■ Instructions for the task ■
Repeat all of the data word for word so that only the pictures are missing from the copy.

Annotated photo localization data
=== Begin Enclosure ===

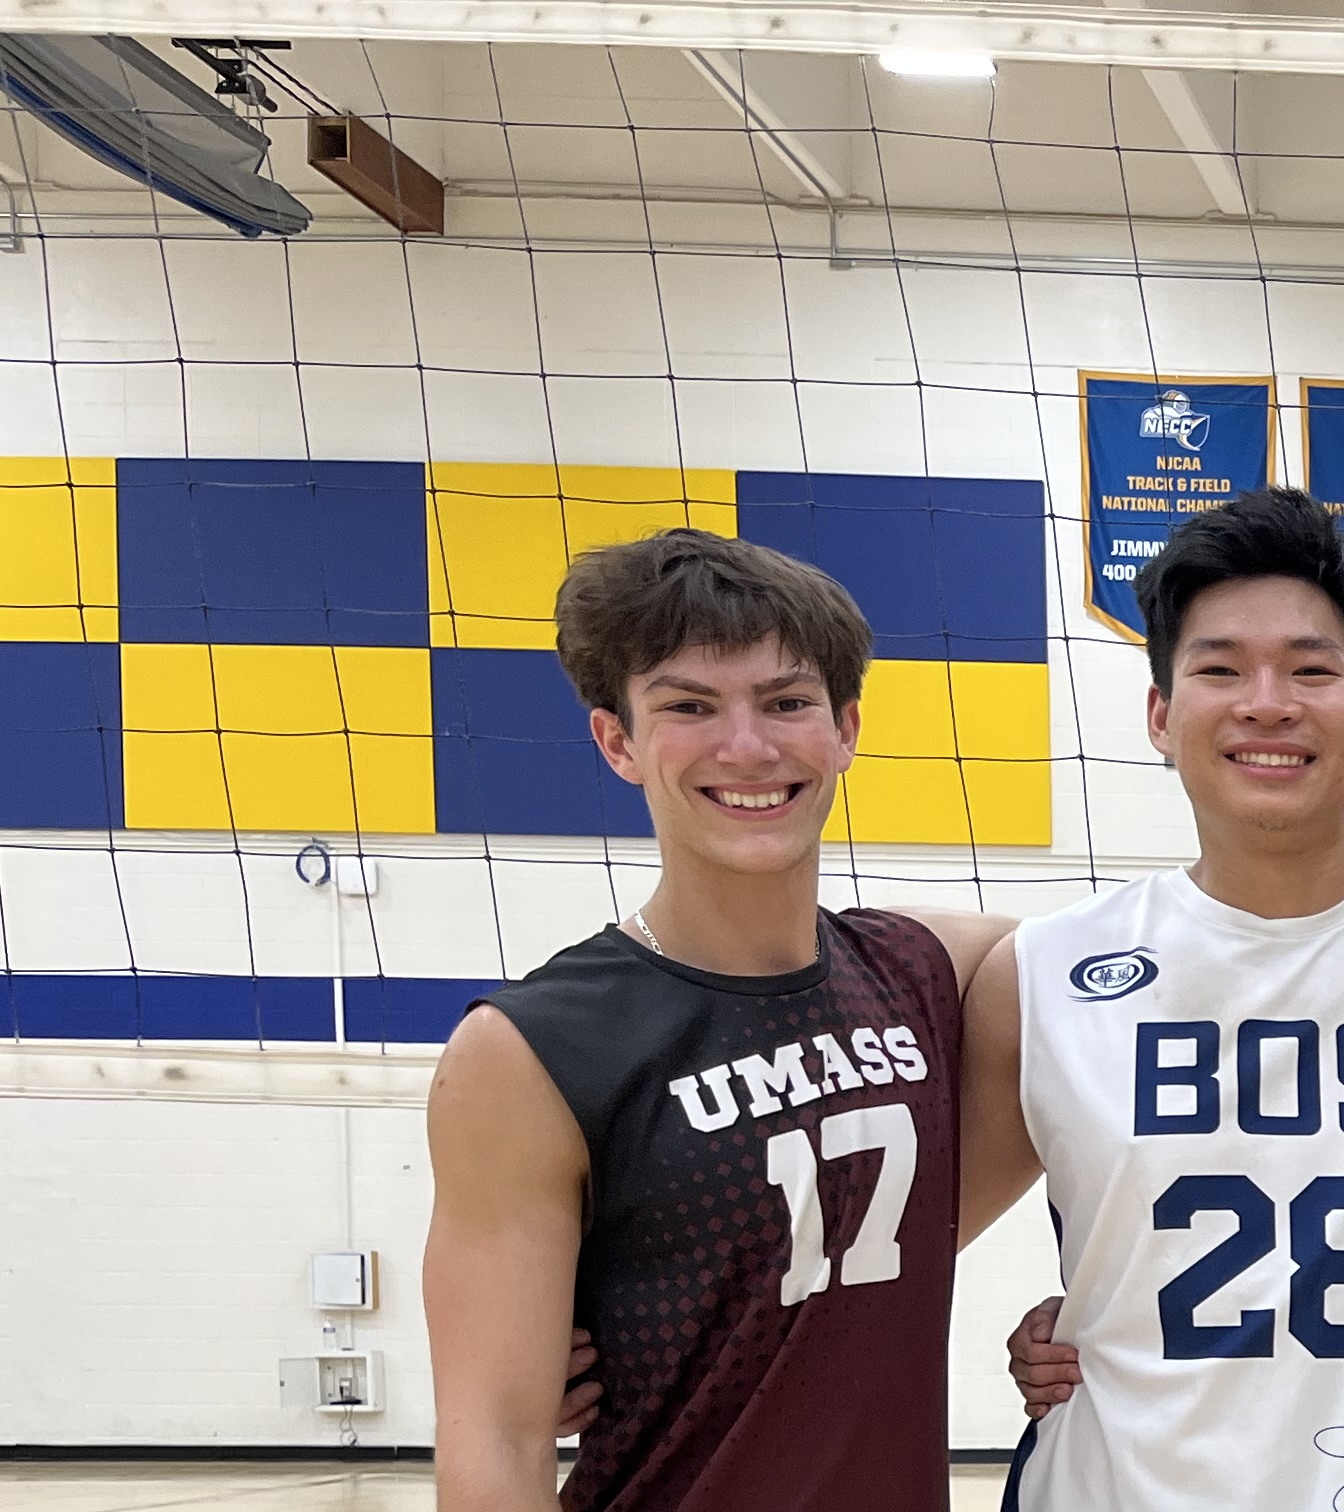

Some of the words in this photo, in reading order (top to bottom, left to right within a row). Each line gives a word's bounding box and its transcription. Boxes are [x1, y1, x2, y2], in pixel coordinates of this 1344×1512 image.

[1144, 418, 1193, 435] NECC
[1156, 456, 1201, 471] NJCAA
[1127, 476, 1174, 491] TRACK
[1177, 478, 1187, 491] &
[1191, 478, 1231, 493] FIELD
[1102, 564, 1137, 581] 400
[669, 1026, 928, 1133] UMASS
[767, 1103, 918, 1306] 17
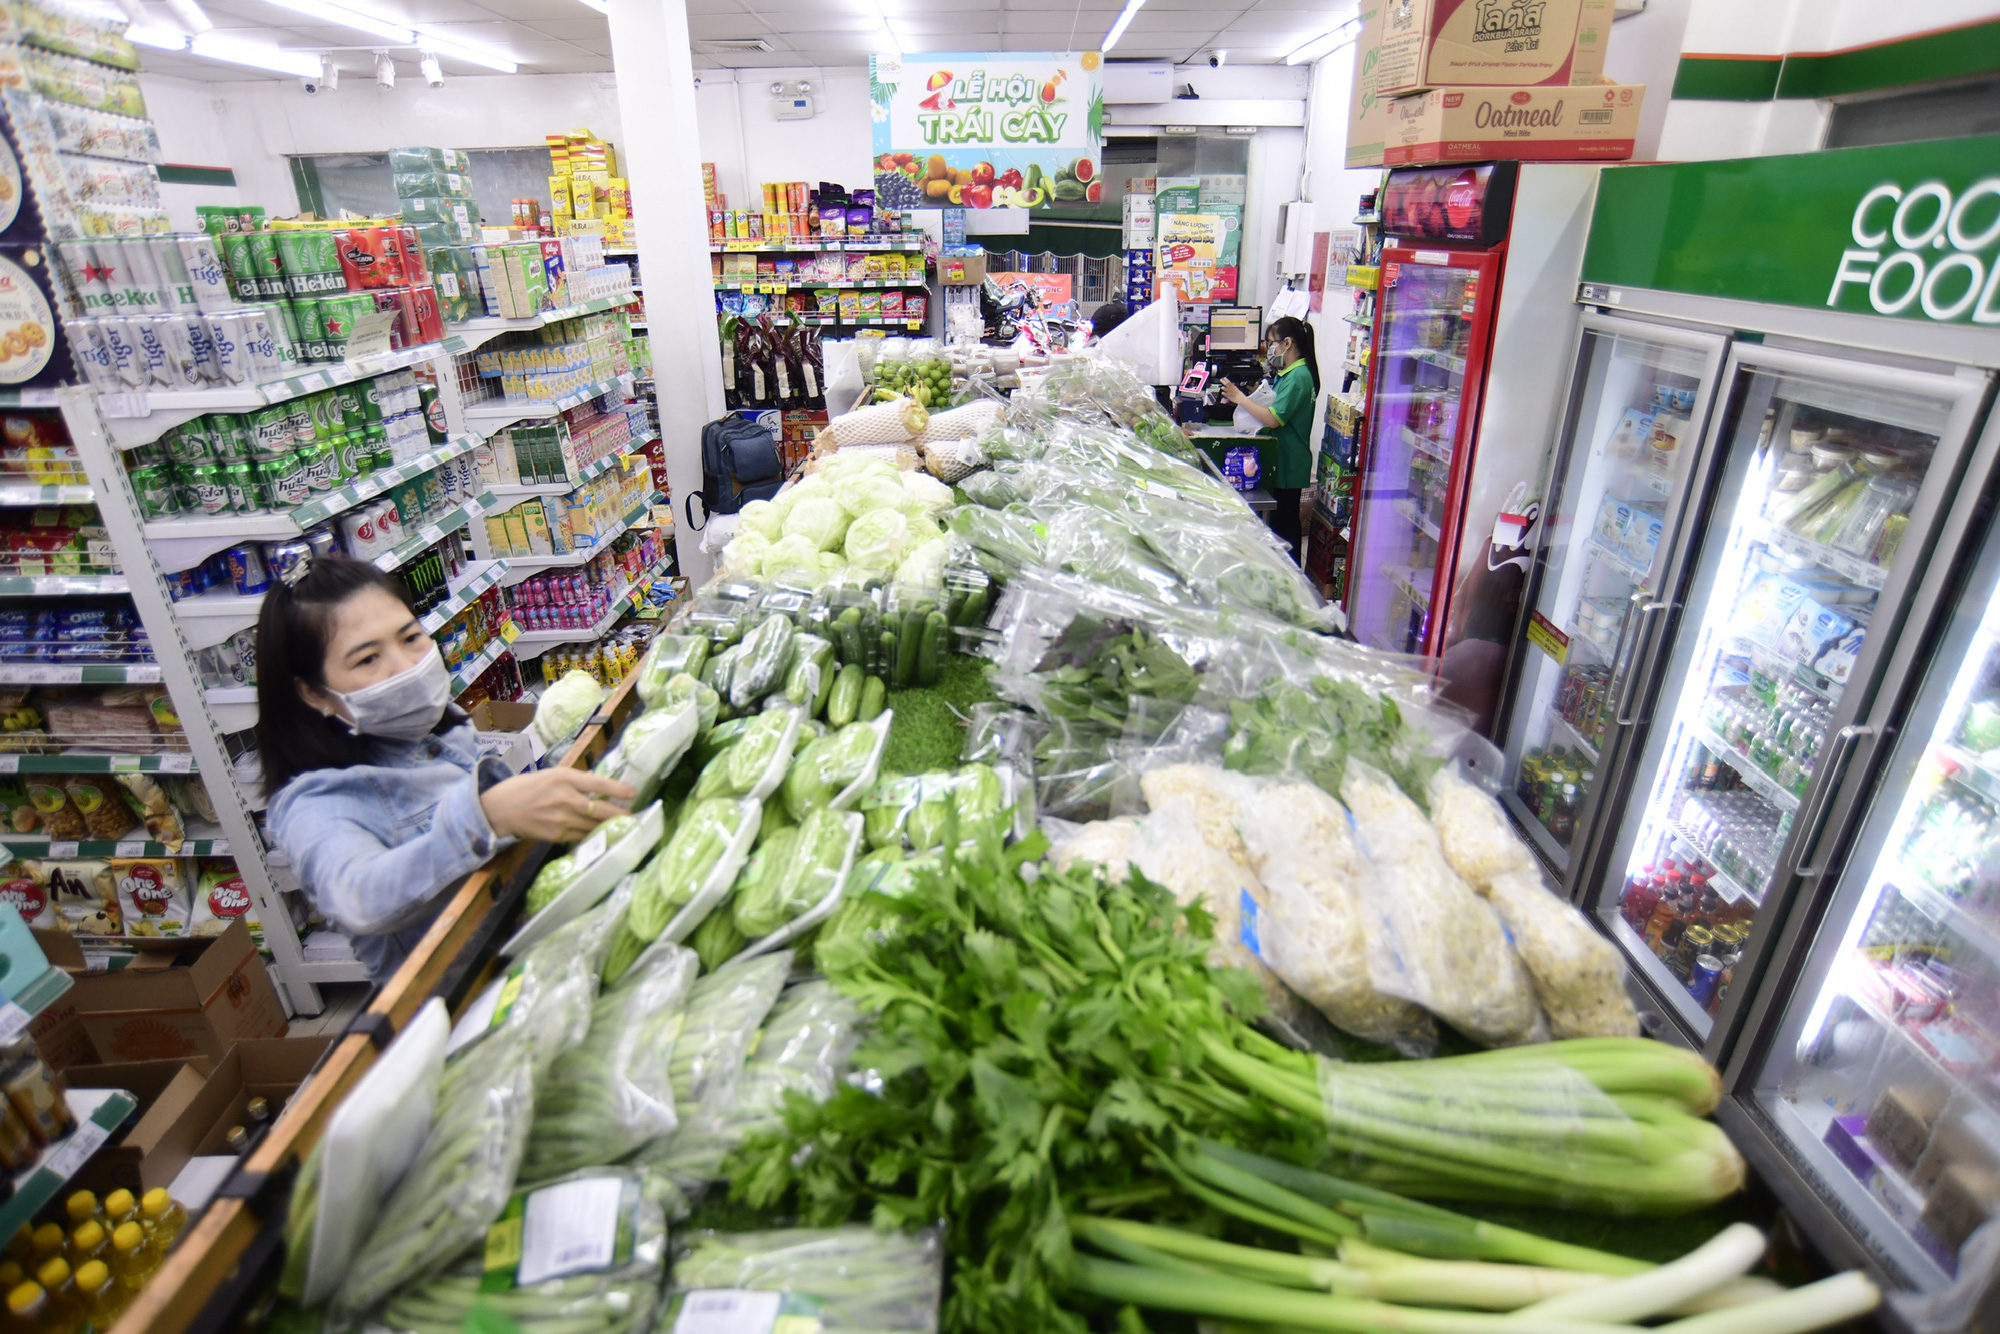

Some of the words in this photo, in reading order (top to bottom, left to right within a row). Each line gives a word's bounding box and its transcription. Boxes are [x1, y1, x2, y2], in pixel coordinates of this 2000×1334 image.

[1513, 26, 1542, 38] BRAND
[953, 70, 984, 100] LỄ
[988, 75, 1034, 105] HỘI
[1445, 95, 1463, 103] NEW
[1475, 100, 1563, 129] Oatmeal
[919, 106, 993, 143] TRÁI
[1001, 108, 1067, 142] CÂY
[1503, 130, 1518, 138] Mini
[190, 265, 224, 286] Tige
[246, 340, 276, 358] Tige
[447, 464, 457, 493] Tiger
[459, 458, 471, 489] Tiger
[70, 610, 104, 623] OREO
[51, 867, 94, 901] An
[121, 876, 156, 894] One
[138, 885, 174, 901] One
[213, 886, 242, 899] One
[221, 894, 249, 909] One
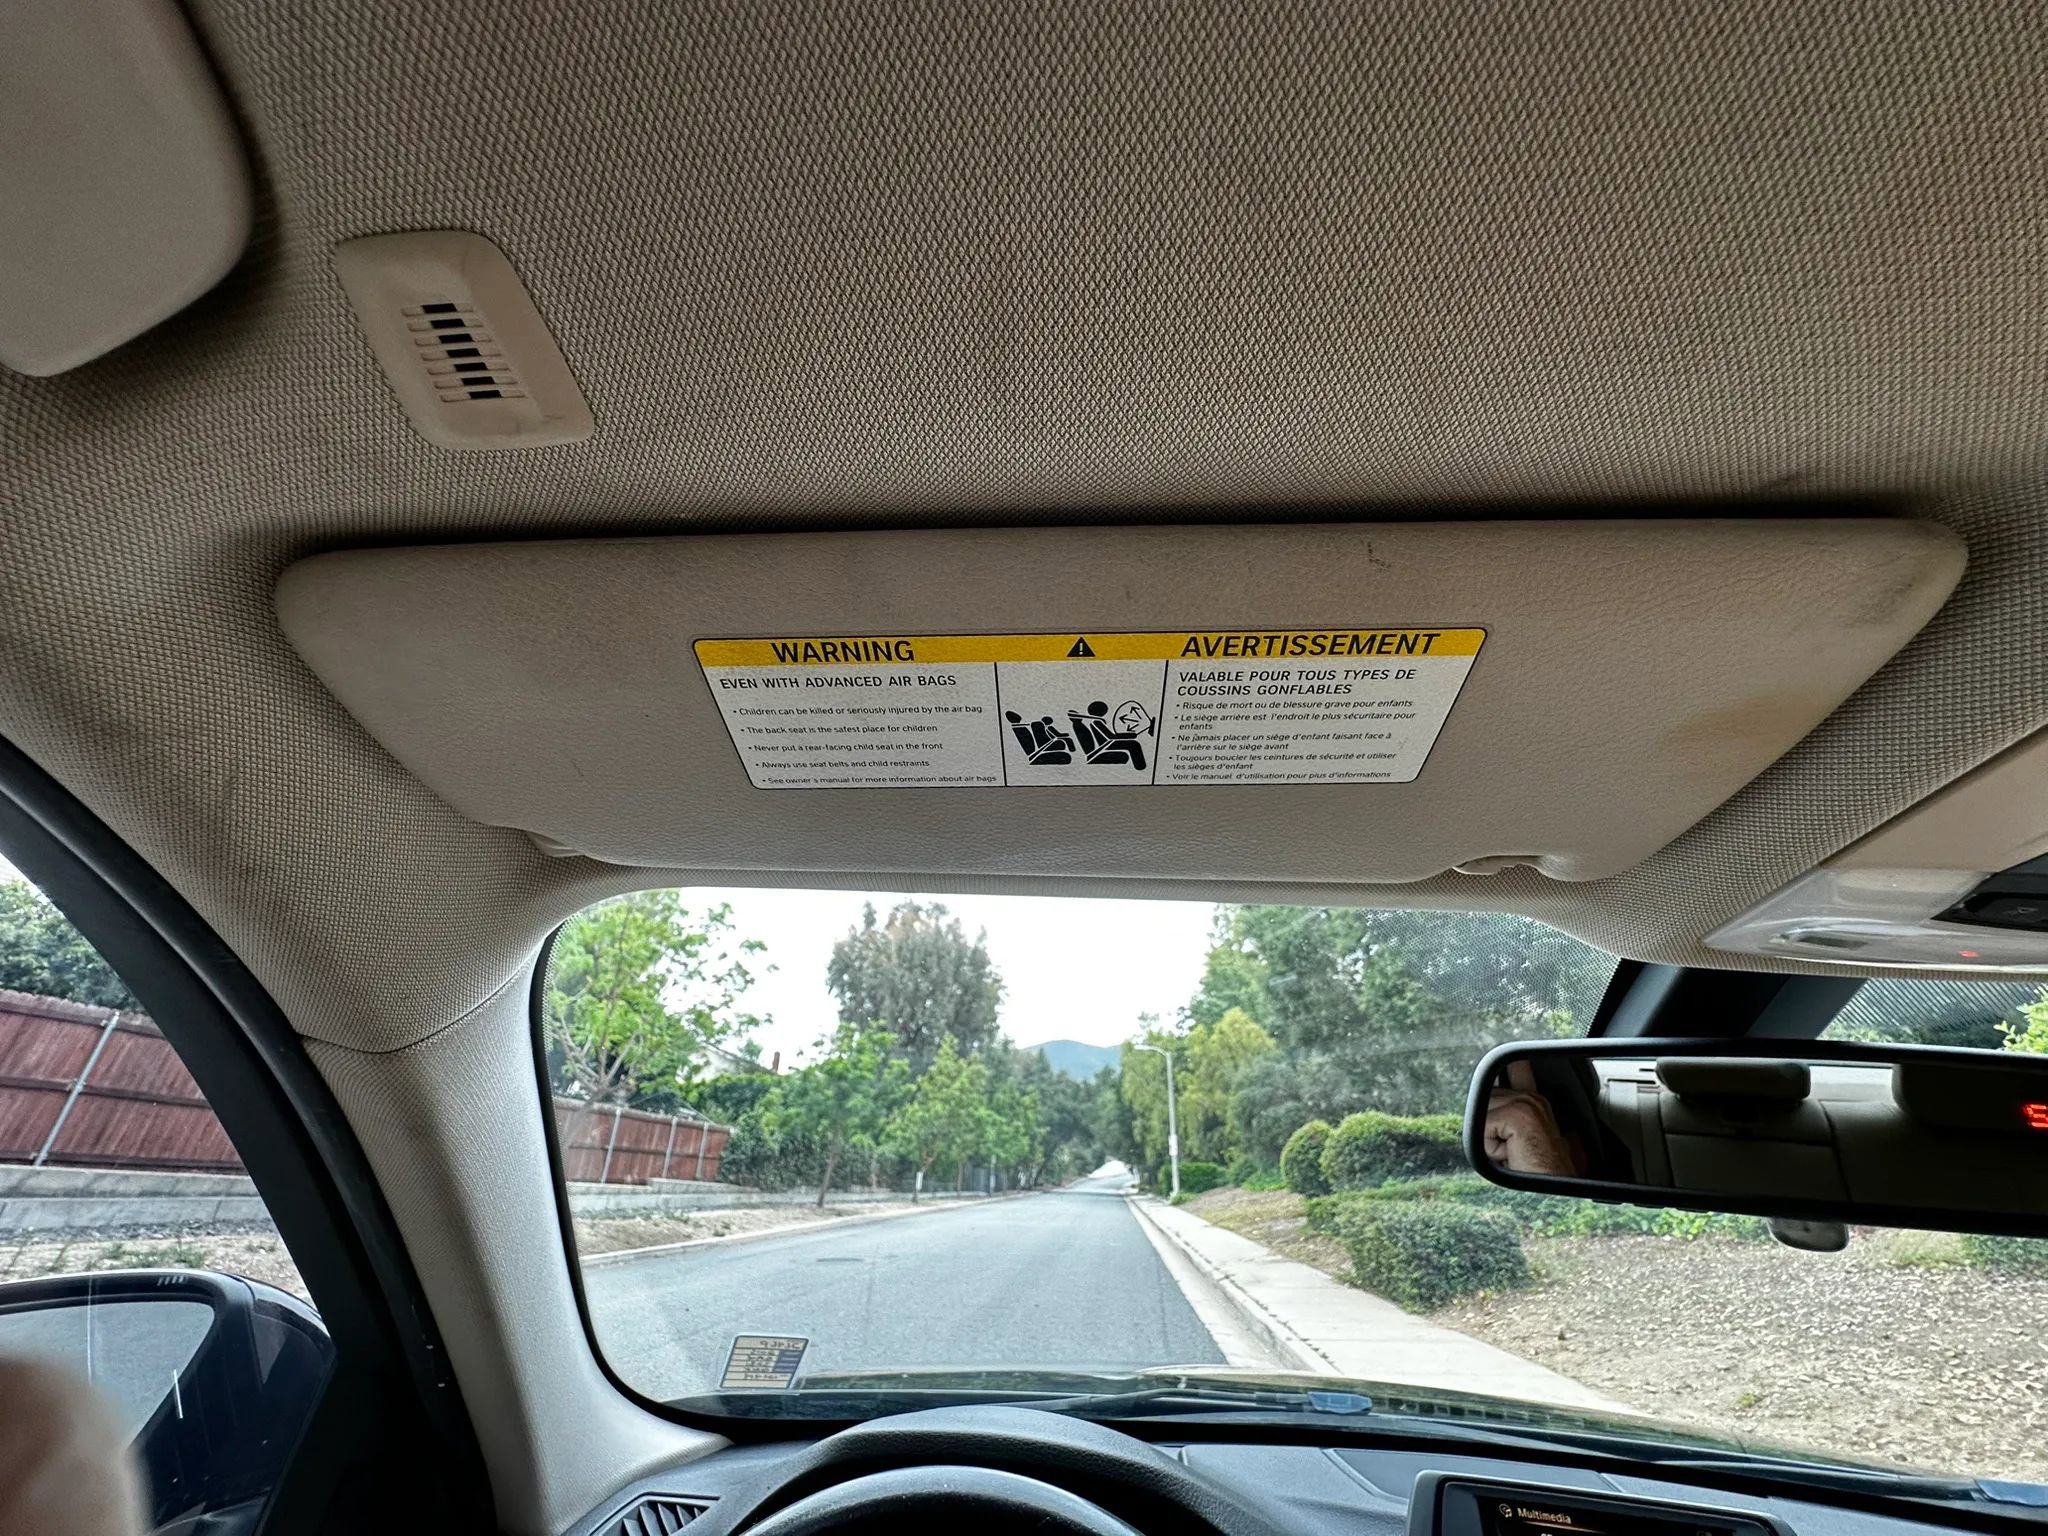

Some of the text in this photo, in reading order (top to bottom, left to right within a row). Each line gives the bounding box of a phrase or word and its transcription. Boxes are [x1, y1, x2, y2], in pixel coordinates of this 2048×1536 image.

=== End Enclosure ===

■ Result for this task ■
Some of the words in this photo, in reading order (top to bottom, left to right within a row). Each line gives a word's bounding box and its transcription. Boxes are [x1, y1, x2, y2], in pixel coordinates of this 1344×1512 image.

[1144, 418, 1193, 435] NECC
[1156, 456, 1201, 471] NJCAA
[1127, 476, 1174, 491] TRACK
[1177, 478, 1187, 491] &
[1191, 478, 1231, 493] FIELD
[1102, 564, 1137, 581] 400
[669, 1026, 928, 1133] UMASS
[767, 1103, 918, 1306] 17

Some of the words in this photo, in reading order (top to bottom, left to right within a row). Each line gives a word's bounding box and its transcription. Boxes are [x1, y1, x2, y2], in pixel coordinates of this 2000×1334 image.

[1513, 26, 1542, 38] BRAND
[953, 70, 984, 100] LỄ
[988, 75, 1034, 105] HỘI
[1445, 95, 1463, 103] NEW
[1475, 100, 1563, 129] Oatmeal
[919, 106, 993, 143] TRÁI
[1001, 108, 1067, 142] CÂY
[1503, 130, 1518, 138] Mini
[190, 265, 224, 286] Tige
[246, 340, 276, 358] Tige
[447, 464, 457, 493] Tiger
[459, 458, 471, 489] Tiger
[70, 610, 104, 623] OREO
[51, 867, 94, 901] An
[121, 876, 156, 894] One
[138, 885, 174, 901] One
[213, 886, 242, 899] One
[221, 894, 249, 909] One

Some of the text in this photo, in reading order (top to bottom, left to right within a row). Each line gives the bounding box of a phrase or word and its transcription. Boxes are [x1, y1, x2, y2], in pixel coordinates of this 2048×1536 image.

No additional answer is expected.